● WORK REQUIRED
Give back all the data exactly, line by line.
START DATA SHOWN
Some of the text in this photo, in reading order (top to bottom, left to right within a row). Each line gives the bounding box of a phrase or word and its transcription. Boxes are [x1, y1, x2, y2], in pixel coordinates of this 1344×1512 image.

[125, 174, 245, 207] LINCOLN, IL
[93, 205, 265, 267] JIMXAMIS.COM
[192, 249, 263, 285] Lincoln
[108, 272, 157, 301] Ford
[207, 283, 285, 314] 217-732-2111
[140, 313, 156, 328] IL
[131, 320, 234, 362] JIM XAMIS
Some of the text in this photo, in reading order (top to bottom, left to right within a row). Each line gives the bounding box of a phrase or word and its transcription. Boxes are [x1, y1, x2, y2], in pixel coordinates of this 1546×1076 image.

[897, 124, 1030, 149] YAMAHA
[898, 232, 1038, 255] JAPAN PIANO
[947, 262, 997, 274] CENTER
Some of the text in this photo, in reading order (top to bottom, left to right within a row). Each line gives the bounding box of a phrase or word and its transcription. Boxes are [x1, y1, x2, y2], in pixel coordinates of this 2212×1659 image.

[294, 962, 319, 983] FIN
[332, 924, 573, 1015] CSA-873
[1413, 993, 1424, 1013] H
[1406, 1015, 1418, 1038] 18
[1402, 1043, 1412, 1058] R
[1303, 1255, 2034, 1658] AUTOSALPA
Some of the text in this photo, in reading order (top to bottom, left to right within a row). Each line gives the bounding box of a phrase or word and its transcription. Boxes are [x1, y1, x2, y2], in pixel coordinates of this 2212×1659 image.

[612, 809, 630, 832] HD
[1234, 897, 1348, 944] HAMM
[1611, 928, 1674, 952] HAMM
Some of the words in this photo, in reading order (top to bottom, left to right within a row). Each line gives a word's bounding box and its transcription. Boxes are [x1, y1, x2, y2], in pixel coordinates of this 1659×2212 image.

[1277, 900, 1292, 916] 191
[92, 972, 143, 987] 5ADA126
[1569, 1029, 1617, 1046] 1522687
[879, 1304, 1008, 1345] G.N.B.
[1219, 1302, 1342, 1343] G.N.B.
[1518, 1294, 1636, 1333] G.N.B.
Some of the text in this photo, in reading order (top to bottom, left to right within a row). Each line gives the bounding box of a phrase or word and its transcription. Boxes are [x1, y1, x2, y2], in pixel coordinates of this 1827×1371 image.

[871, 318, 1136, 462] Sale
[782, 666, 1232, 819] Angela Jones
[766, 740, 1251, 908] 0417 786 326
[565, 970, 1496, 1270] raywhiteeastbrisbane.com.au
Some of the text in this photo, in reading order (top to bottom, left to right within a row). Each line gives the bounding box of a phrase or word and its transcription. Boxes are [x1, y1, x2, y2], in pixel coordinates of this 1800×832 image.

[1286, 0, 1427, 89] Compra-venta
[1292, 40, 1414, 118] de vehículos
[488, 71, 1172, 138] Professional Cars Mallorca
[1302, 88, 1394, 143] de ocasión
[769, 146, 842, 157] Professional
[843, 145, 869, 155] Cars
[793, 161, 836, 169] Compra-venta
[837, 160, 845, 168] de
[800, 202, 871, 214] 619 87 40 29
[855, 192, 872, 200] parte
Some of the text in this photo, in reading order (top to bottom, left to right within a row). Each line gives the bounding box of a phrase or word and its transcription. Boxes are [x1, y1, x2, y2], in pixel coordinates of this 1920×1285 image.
END DATA SHOWN
● ANSWER TO THIS TASK
Some of the text in this photo, in reading order (top to bottom, left to right within a row). Each line gives the bounding box of a phrase or word and its transcription. Boxes are [x1, y1, x2, y2], in pixel coordinates of this 1344×1512 image.

[125, 174, 245, 207] LINCOLN, IL
[93, 205, 265, 267] JIMXAMIS.COM
[192, 249, 263, 285] Lincoln
[108, 272, 157, 301] Ford
[207, 283, 285, 314] 217-732-2111
[140, 313, 156, 328] IL
[131, 320, 234, 362] JIM XAMIS
Some of the text in this photo, in reading order (top to bottom, left to right within a row). Each line gives the bounding box of a phrase or word and its transcription. Boxes are [x1, y1, x2, y2], in pixel coordinates of this 1546×1076 image.

[897, 124, 1030, 149] YAMAHA
[898, 232, 1038, 255] JAPAN PIANO
[947, 262, 997, 274] CENTER
Some of the text in this photo, in reading order (top to bottom, left to right within a row). Each line gives the bounding box of a phrase or word and its transcription. Boxes are [x1, y1, x2, y2], in pixel coordinates of this 2212×1659 image.

[294, 962, 319, 983] FIN
[332, 924, 573, 1015] CSA-873
[1413, 993, 1424, 1013] H
[1406, 1015, 1418, 1038] 18
[1402, 1043, 1412, 1058] R
[1303, 1255, 2034, 1658] AUTOSALPA
Some of the text in this photo, in reading order (top to bottom, left to right within a row). Each line gives the bounding box of a phrase or word and its transcription. Boxes are [x1, y1, x2, y2], in pixel coordinates of this 2212×1659 image.

[612, 809, 630, 832] HD
[1234, 897, 1348, 944] HAMM
[1611, 928, 1674, 952] HAMM
Some of the words in this photo, in reading order (top to bottom, left to right within a row). Each line gives a word's bounding box and its transcription. Boxes are [x1, y1, x2, y2], in pixel coordinates of this 1659×2212 image.

[1277, 900, 1292, 916] 191
[92, 972, 143, 987] 5ADA126
[1569, 1029, 1617, 1046] 1522687
[879, 1304, 1008, 1345] G.N.B.
[1219, 1302, 1342, 1343] G.N.B.
[1518, 1294, 1636, 1333] G.N.B.
Some of the text in this photo, in reading order (top to bottom, left to right within a row). Each line gives the bounding box of a phrase or word and its transcription. Boxes are [x1, y1, x2, y2], in pixel coordinates of this 1827×1371 image.

[871, 318, 1136, 462] Sale
[782, 666, 1232, 819] Angela Jones
[766, 740, 1251, 908] 0417 786 326
[565, 970, 1496, 1270] raywhiteeastbrisbane.com.au
Some of the text in this photo, in reading order (top to bottom, left to right within a row). Each line gives the bounding box of a phrase or word and its transcription. Boxes are [x1, y1, x2, y2], in pixel coordinates of this 1800×832 image.

[1286, 0, 1427, 89] Compra-venta
[1292, 40, 1414, 118] de vehículos
[488, 71, 1172, 138] Professional Cars Mallorca
[1302, 88, 1394, 143] de ocasión
[769, 146, 842, 157] Professional
[843, 145, 869, 155] Cars
[793, 161, 836, 169] Compra-venta
[837, 160, 845, 168] de
[800, 202, 871, 214] 619 87 40 29
[855, 192, 872, 200] parte
Some of the text in this photo, in reading order (top to bottom, left to right within a row). Each line gives the bounding box of a phrase or word and its transcription. Boxes are [x1, y1, x2, y2], in pixel coordinates of this 1920×1285 image.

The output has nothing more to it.